Postby Anonymous User » Thu May 06, 2010 12:18 pm

I'm at a top school and have seen many of my classmates struggle to find post-grad work. I can assure you that most of them are not aiming too high. That is, unless you consider applying for clerkships at low-level state courts, small law firms, and all types of legal, quasi-legal, and non-legal jobs aiming too high. For non-legal jobs, the JD can actually hurt more than it can help...the idea that it's some kind of all-purpose ticket to a decent job is largely a myth.

As an example, one of my classmates has applied for a bunch of entry level, $30-40K type jobs at universities, non-profits, and government that typically take people that only have a BA. Guess what? Rejected from all of them. Most non-legal employers do not want JDs because they think they are a flight risk once the economy improves or a legal job for them happens to pop up.

Peace Corps/AmeriCorps isn't the answer either. A lot of people here (at top schools) did these programs or something similar BEFORE law school. They are widely viewed as something you do BEFORE a professional degree by the vast majority of employers in most industries so you are not going to fit the hiring profile if you do it AFTER the professional degree.

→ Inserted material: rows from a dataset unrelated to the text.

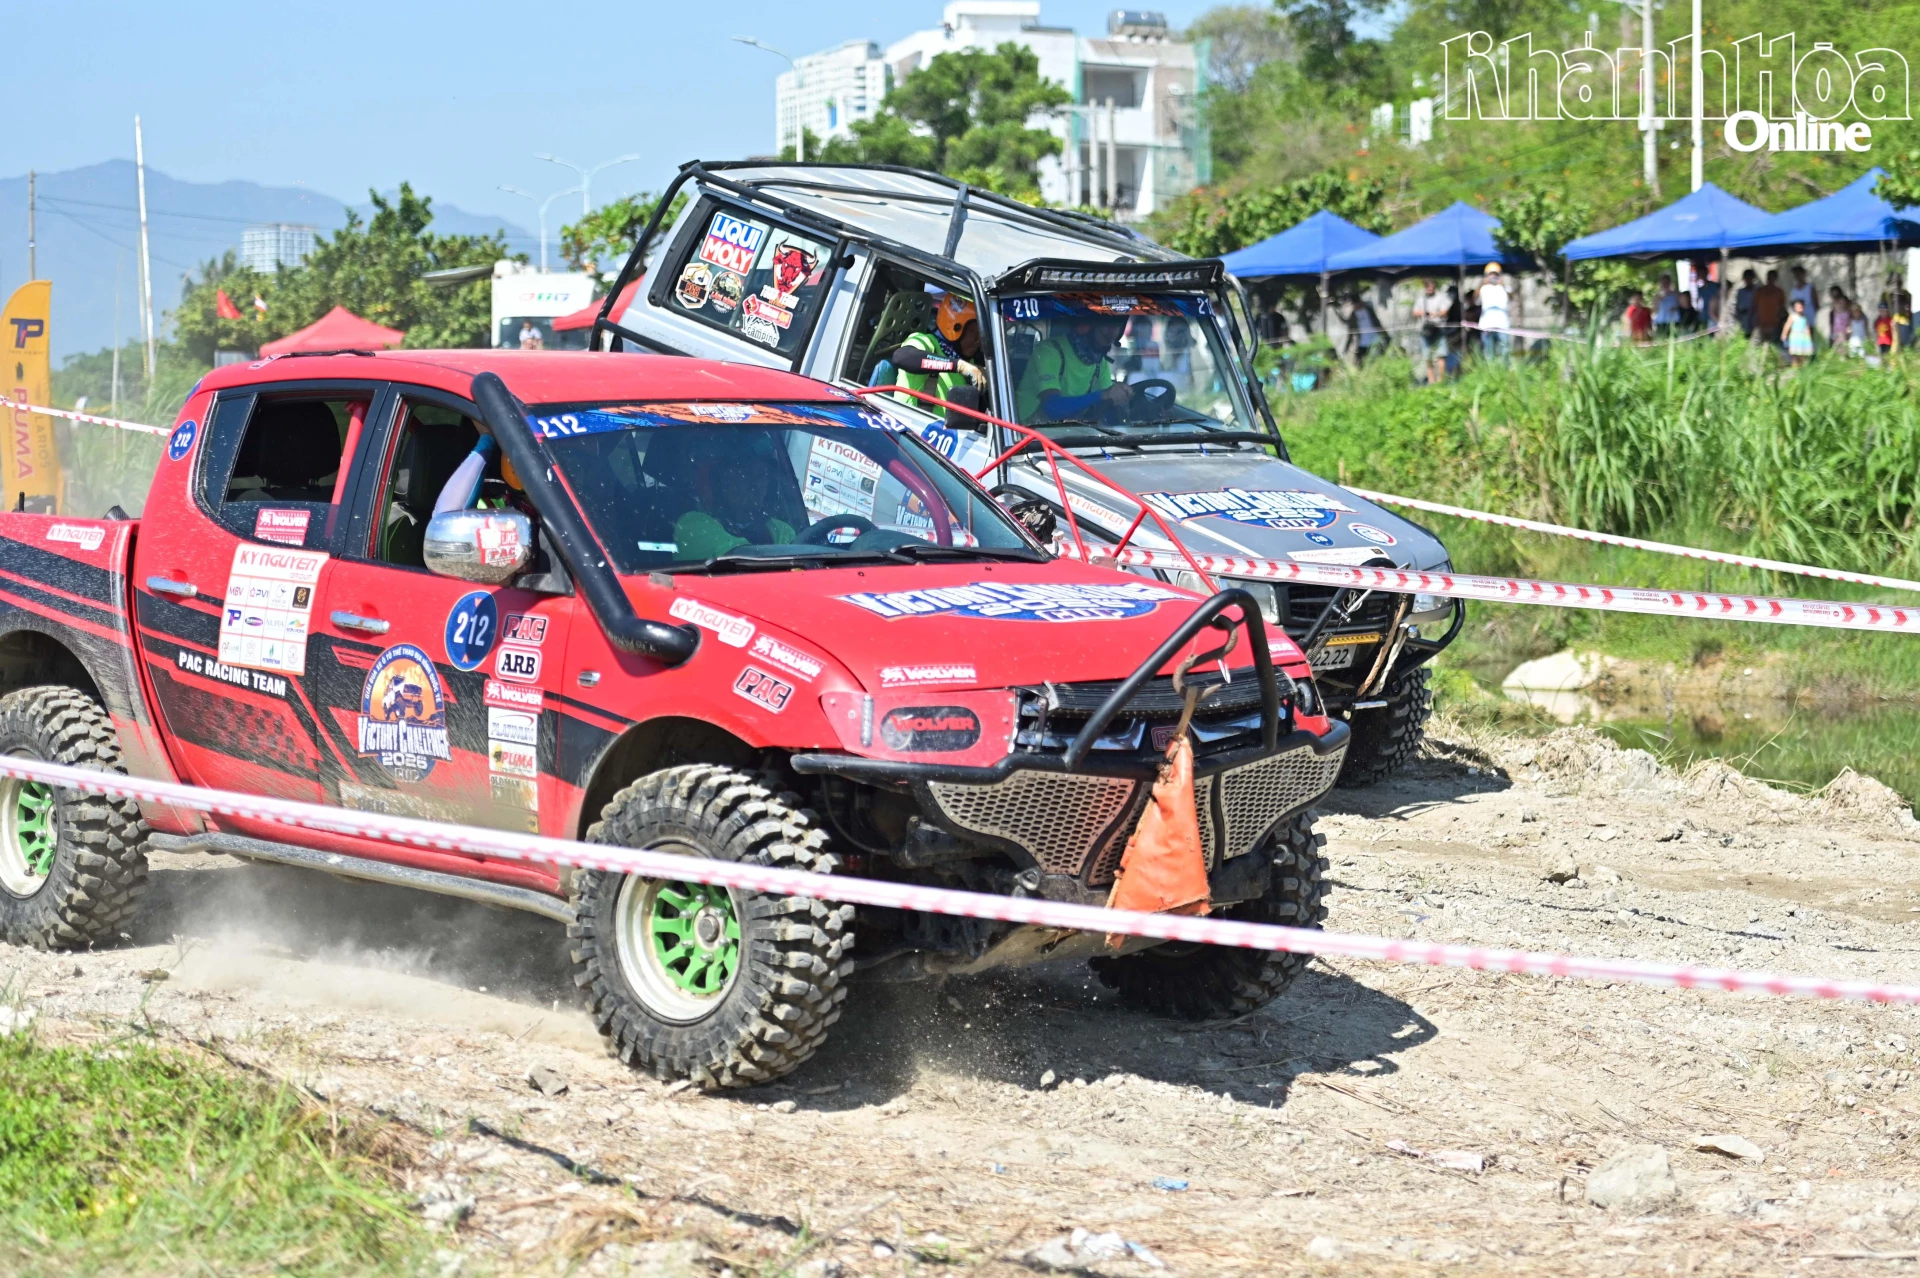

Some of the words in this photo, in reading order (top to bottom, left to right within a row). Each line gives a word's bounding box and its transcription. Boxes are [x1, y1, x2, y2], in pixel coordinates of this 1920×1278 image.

[711, 216, 762, 249] LIQUI
[703, 238, 752, 271] MOLY
[1013, 298, 1040, 318] 210
[1196, 296, 1216, 316] 21
[10, 318, 44, 349] TP
[13, 388, 34, 479] PUMA
[537, 415, 587, 438] 212
[857, 412, 905, 431] 212
[174, 432, 191, 447] 212
[818, 438, 833, 450] KY
[927, 430, 954, 454] 210
[809, 474, 822, 486] TP
[271, 513, 308, 527] WOLVER
[1081, 500, 1125, 526] NGUYEN
[1226, 508, 1325, 521] 2026
[1267, 519, 1319, 529] CUP
[239, 550, 258, 565] KY
[259, 552, 318, 572] NGUYEN
[491, 547, 516, 559] PAC
[255, 589, 270, 598] PVI
[227, 609, 242, 627] TP
[673, 601, 693, 616] KY
[692, 608, 752, 639] NGUYEN
[1036, 609, 1127, 622] CUP
[453, 612, 490, 647] 212
[506, 615, 546, 641] PAC
[500, 653, 536, 676] ARB
[769, 642, 821, 677] WOLVER
[178, 651, 203, 673] PAC
[204, 659, 250, 687] RACING
[252, 673, 287, 697] TEAM
[902, 668, 976, 680] WOLVER
[500, 683, 543, 705] WOLVER
[737, 669, 789, 708] PAC
[490, 722, 534, 742] PLATINUM
[890, 714, 975, 732] WOLVER
[381, 752, 428, 770] 2026
[500, 751, 534, 769] PUMA
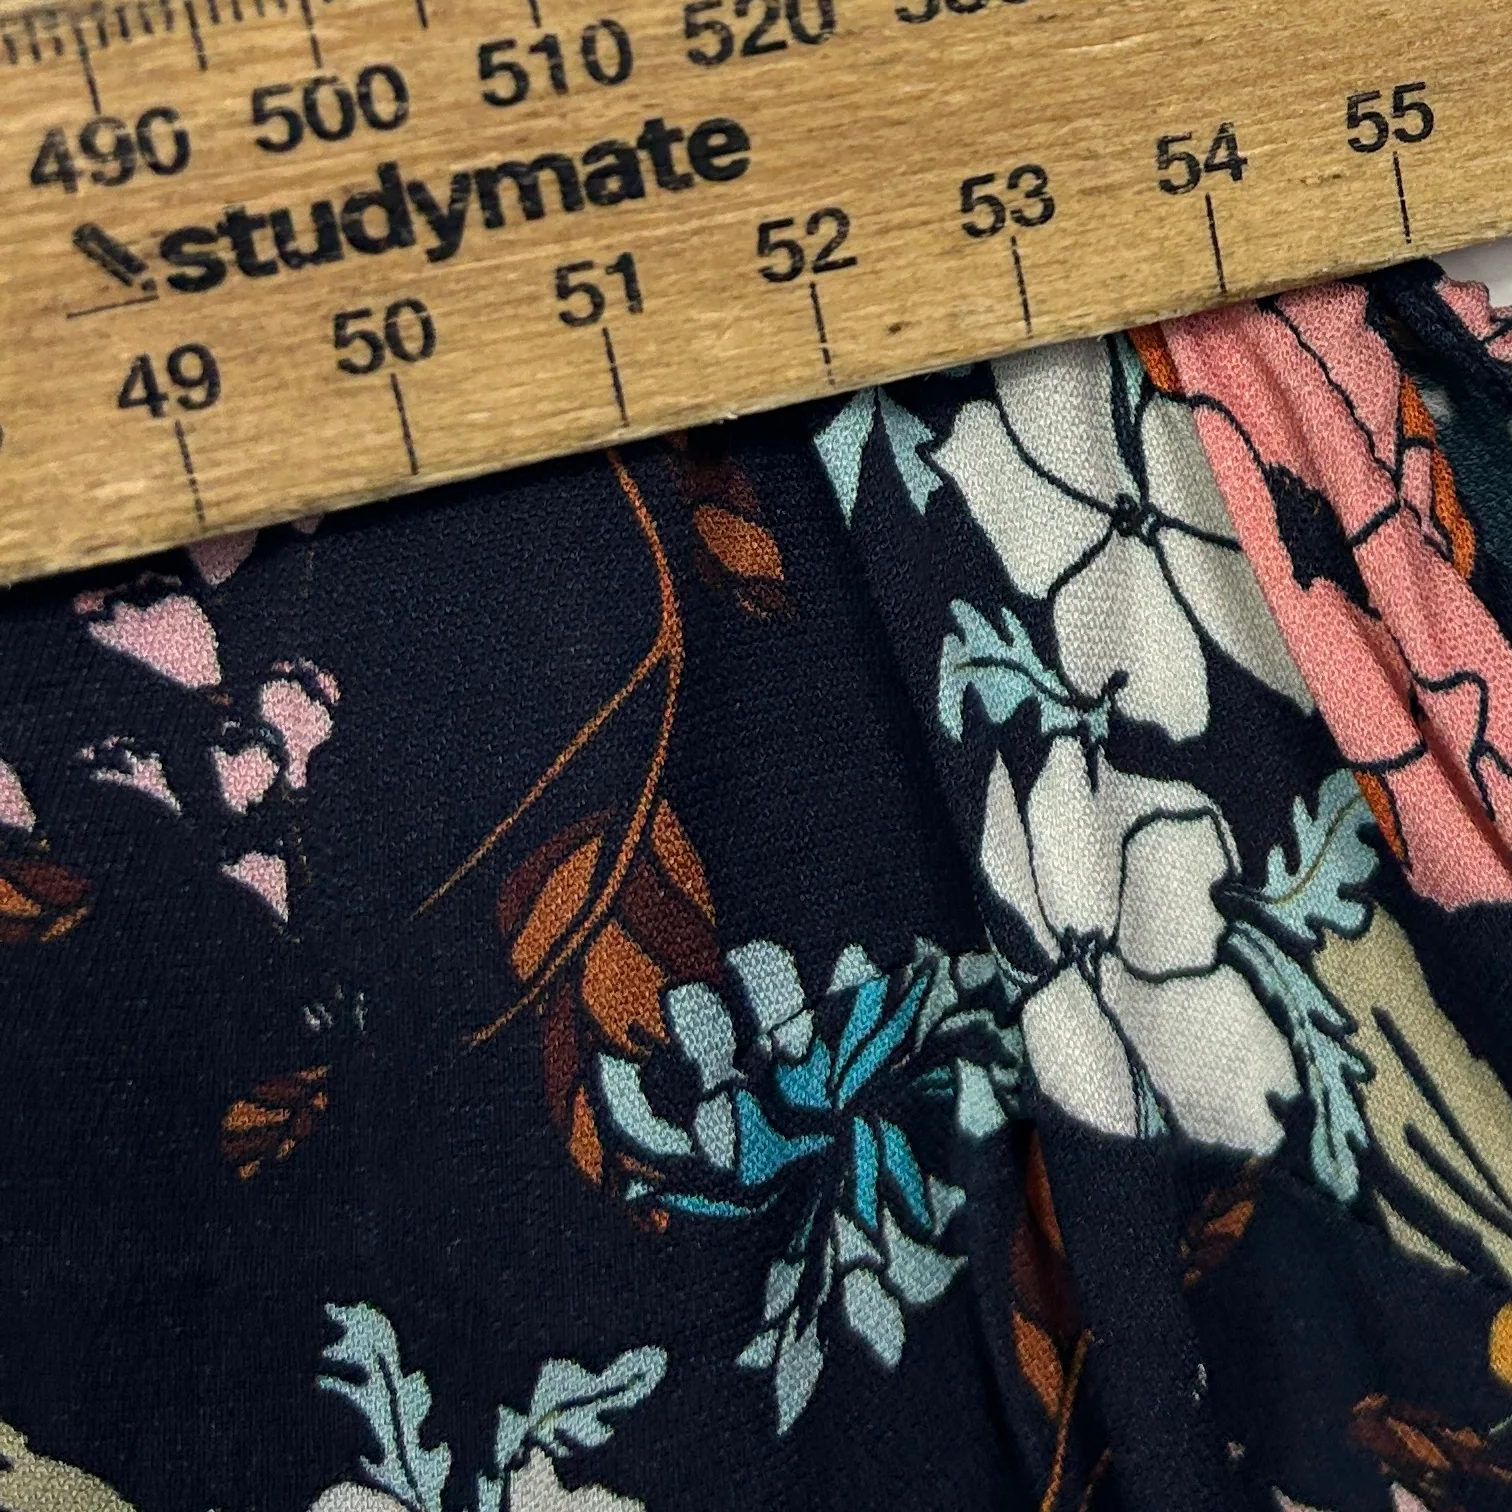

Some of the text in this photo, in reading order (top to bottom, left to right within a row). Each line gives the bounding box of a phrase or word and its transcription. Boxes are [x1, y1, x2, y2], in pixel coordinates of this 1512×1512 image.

[29, 106, 192, 193] 490
[250, 63, 410, 153] 500
[476, 18, 634, 107] 510
[116, 343, 222, 419] 49
[332, 298, 436, 375] 50
[554, 252, 644, 328] 51
[756, 206, 858, 284] 52
[959, 164, 1055, 239] 53
[1155, 122, 1248, 194] 54
[1346, 82, 1434, 153] 55
[158, 115, 751, 294] studymate

Further, many law grads might not be eligible to do these programs at this point (used up their eligibility before), and even if they were, it probably isn't a good idea if they want to eventually practice law. The way the legal field works is that if you are out of the legal field for any length of time (say, about a year or more) right after graduation and passing the bar, odds are you face long odds trying to get into it later. Employers will see you, rightly or wrongly, as a "benched player" or someone who doesn't really want to practice law. Well, you can just get a non-legal job after that right? Maybe, but again you face long odds. See paragraph 2.



webbylu87 wrote:I often wonder when you read these articles if the individuals mentioned are applying for non-legal jobs in business or government or if they're "aiming too high." Obviously, you undertake a JD with the assumption that you will find a legal job given that it's a professional degree, however, it's still a widely respected advanced qualification. With things like IBR and PSLF, surely being open to pursuing a little bit more of an nontraditional career path is possible and ITE, could be advisable depending on the circumstances. Also, there are programs like AmeriCorps and Peace Corps which people could look into post-LS to defer loan payments and buy more time for the economy to recover. ITE you have to do what it takes to get by even if it isn't the ideal. Hope for the best but plan for the worst. I've said it before and I'll say it again, if there's one thing this economy has been good for, it's been a definite reality check on many people's expectations.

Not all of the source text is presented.